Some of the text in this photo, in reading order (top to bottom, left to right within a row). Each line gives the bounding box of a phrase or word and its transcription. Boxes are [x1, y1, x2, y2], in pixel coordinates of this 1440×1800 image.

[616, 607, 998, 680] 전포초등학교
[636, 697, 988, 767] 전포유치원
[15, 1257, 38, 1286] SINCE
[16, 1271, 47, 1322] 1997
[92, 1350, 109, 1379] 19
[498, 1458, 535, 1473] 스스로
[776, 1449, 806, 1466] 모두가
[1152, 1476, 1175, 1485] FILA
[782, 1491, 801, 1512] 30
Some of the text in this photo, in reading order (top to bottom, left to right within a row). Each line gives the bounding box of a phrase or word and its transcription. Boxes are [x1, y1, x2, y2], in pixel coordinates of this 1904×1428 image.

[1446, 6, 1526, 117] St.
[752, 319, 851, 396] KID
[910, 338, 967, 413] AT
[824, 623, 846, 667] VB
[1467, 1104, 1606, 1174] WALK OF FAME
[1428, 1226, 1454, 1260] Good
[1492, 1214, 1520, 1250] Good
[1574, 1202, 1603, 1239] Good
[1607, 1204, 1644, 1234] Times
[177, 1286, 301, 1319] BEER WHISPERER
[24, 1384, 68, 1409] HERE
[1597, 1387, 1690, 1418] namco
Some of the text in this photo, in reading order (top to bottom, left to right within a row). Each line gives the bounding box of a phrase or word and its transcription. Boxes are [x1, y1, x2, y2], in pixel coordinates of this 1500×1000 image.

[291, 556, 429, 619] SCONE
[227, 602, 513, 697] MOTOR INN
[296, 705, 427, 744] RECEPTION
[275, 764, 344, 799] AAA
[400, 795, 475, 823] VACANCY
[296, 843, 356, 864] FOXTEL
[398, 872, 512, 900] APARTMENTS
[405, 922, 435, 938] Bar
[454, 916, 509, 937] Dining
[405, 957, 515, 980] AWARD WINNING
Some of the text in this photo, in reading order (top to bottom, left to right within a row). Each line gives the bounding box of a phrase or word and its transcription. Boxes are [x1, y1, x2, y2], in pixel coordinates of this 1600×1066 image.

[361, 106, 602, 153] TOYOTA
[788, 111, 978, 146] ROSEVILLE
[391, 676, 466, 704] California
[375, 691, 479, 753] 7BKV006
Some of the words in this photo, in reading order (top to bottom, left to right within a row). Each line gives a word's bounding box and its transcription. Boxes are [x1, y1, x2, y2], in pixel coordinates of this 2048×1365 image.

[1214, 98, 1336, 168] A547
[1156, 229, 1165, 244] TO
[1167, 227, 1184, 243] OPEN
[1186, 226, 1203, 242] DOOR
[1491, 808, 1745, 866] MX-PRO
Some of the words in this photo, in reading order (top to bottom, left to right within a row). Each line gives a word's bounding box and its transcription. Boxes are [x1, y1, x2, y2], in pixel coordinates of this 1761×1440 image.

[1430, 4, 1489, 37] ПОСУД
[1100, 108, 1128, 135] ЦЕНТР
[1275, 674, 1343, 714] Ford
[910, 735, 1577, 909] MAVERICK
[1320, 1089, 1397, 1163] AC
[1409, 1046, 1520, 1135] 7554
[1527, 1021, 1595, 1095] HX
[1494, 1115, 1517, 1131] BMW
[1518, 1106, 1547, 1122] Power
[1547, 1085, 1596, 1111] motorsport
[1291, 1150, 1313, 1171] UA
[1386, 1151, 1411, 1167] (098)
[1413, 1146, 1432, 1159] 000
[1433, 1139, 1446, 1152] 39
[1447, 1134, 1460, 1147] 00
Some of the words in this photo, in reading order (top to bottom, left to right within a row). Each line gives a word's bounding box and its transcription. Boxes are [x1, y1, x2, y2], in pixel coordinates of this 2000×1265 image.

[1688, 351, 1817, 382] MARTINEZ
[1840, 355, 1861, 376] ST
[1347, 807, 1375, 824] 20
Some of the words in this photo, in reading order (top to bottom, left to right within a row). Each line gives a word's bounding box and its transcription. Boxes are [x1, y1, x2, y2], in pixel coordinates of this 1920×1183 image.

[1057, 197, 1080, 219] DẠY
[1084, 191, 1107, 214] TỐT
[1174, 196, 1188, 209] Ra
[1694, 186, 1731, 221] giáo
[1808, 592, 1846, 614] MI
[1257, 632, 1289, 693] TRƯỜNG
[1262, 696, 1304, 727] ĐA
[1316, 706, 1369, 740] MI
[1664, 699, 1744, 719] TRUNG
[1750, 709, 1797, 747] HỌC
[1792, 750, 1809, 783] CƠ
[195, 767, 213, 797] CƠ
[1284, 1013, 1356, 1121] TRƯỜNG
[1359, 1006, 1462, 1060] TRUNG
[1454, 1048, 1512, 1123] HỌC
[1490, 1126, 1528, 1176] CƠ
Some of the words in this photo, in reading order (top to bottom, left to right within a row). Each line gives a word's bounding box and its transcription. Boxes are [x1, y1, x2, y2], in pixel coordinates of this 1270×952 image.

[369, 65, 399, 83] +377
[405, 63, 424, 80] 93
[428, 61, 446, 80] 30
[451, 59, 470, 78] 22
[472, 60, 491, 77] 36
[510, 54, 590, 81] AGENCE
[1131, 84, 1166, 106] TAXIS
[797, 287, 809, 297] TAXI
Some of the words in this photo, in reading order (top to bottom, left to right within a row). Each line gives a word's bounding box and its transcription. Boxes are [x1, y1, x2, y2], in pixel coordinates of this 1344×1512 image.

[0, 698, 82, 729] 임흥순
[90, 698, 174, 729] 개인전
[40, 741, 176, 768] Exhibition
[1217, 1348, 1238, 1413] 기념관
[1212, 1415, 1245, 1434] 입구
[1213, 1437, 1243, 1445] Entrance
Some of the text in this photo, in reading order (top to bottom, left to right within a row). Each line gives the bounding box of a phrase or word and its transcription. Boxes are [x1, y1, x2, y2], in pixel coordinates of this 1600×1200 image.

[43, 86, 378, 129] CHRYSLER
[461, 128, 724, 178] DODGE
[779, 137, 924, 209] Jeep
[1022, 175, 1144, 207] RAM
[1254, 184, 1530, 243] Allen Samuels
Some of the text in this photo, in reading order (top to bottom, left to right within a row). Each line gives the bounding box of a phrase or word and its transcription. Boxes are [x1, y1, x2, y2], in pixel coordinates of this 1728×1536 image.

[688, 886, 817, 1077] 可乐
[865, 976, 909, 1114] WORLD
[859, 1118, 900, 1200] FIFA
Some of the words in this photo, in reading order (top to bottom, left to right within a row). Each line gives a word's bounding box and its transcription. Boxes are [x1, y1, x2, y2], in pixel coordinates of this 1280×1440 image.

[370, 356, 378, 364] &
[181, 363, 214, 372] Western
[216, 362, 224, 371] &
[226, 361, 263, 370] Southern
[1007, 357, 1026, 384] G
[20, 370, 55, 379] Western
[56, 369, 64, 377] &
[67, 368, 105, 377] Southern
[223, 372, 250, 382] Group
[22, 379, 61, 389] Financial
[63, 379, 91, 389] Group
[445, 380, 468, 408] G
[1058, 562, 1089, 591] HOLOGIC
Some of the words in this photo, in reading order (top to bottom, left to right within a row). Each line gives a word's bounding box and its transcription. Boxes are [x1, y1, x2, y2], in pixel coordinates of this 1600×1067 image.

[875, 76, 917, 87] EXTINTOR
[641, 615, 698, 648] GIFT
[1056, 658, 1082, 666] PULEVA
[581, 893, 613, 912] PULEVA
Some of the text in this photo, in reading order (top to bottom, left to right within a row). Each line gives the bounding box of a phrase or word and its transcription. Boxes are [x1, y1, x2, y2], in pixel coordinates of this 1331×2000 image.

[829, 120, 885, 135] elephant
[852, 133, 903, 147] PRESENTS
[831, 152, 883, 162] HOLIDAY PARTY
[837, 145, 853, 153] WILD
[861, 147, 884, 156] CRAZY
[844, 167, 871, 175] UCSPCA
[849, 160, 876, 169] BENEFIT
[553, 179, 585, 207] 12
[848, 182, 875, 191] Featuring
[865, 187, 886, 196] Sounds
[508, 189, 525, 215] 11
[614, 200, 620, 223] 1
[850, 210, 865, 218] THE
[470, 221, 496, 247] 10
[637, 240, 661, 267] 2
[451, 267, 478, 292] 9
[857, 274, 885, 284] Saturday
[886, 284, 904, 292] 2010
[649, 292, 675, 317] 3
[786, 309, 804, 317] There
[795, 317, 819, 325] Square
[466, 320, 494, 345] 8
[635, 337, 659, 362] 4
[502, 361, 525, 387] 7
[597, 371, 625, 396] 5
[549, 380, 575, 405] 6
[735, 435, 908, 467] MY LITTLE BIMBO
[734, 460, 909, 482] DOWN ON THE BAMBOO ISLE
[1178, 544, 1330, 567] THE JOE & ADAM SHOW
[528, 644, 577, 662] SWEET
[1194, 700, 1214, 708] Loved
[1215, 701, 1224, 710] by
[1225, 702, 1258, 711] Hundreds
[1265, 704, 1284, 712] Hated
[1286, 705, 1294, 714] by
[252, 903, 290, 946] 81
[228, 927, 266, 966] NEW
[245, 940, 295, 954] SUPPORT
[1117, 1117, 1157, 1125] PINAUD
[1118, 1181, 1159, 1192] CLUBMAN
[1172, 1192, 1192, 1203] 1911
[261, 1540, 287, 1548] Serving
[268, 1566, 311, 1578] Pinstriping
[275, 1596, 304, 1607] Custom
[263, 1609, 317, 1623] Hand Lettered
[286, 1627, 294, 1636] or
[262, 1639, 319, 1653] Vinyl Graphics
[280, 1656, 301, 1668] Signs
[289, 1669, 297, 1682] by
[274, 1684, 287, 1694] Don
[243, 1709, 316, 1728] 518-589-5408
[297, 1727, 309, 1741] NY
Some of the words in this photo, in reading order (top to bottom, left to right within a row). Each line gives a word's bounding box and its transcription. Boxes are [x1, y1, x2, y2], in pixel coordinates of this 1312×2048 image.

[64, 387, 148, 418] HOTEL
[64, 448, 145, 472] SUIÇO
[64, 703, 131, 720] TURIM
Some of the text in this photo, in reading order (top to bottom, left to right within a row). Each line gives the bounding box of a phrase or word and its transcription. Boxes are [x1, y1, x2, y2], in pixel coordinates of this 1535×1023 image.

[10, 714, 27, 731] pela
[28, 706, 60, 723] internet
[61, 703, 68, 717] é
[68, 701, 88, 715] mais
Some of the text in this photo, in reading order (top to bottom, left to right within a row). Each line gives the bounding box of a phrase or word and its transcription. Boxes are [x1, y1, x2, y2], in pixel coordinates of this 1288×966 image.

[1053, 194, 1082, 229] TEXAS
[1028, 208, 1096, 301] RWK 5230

+--

The line containing "this 1288×966 image." marks the start. Reproduce it and all lines after it through the end of the listing, exactly and alone.

**Your solution**.
Some of the text in this photo, in reading order (top to bottom, left to right within a row). Each line gives the bounding box of a phrase or word and its transcription. Boxes are [x1, y1, x2, y2], in pixel coordinates of this 1288×966 image.

[1053, 194, 1082, 229] TEXAS
[1028, 208, 1096, 301] RWK 5230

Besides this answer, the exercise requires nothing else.